> **What you should do**
Please restate, word for word, each line from the one containing "this 1280×1709 image." through the end of the entries below.

::::::

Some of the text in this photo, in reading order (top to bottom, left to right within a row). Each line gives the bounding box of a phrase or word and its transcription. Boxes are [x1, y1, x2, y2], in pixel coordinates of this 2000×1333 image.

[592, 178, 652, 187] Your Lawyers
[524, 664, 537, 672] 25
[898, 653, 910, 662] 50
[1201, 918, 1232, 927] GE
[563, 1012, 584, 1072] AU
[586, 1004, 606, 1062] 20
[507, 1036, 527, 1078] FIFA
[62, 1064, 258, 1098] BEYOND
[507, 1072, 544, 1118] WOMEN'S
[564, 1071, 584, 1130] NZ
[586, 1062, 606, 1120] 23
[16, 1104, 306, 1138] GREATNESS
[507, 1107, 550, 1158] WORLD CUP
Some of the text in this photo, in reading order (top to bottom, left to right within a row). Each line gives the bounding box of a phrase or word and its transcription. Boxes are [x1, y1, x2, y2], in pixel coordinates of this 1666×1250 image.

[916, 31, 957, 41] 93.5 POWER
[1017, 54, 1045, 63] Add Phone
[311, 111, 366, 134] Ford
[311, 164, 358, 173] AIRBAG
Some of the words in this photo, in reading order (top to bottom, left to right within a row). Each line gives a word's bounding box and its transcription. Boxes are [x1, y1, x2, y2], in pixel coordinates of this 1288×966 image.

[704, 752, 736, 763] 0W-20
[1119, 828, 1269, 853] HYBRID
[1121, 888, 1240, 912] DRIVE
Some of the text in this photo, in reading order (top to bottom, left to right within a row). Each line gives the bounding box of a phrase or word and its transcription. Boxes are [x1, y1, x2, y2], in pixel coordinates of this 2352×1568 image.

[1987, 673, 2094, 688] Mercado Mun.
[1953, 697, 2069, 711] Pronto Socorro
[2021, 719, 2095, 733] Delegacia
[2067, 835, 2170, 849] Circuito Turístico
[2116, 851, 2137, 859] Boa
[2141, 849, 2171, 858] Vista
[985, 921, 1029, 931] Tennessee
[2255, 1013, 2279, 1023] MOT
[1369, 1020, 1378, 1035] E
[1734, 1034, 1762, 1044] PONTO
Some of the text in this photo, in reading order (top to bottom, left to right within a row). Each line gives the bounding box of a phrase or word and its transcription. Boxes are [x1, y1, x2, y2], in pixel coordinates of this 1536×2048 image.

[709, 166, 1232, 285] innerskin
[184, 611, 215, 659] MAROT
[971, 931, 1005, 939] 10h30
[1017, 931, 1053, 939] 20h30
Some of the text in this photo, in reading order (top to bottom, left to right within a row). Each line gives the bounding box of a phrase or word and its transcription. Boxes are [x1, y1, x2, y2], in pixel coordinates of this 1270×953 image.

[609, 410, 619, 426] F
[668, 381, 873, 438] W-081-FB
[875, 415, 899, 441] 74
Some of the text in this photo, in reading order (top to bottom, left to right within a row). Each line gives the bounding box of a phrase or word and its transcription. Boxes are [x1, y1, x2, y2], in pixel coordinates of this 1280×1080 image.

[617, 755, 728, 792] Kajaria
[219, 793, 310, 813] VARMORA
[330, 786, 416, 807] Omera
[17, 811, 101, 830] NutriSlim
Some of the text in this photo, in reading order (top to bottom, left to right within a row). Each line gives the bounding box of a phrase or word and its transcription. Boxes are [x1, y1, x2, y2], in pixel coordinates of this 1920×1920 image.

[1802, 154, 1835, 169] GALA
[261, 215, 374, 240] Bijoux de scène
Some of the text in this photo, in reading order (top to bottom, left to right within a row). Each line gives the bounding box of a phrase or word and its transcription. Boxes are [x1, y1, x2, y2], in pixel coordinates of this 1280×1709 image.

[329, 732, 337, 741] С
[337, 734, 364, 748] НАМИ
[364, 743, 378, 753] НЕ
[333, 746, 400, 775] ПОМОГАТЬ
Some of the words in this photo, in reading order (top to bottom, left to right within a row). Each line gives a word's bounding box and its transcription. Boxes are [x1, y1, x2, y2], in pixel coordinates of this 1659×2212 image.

::::::

> **Output for this task**
Some of the text in this photo, in reading order (top to bottom, left to right within a row). Each line gives the bounding box of a phrase or word and its transcription. Boxes are [x1, y1, x2, y2], in pixel coordinates of this 1280×1709 image.

[329, 732, 337, 741] С
[337, 734, 364, 748] НАМИ
[364, 743, 378, 753] НЕ
[333, 746, 400, 775] ПОМОГАТЬ
Some of the words in this photo, in reading order (top to bottom, left to right within a row). Each line gives a word's bounding box and its transcription. Boxes are [x1, y1, x2, y2], in pixel coordinates of this 1659×2212 image.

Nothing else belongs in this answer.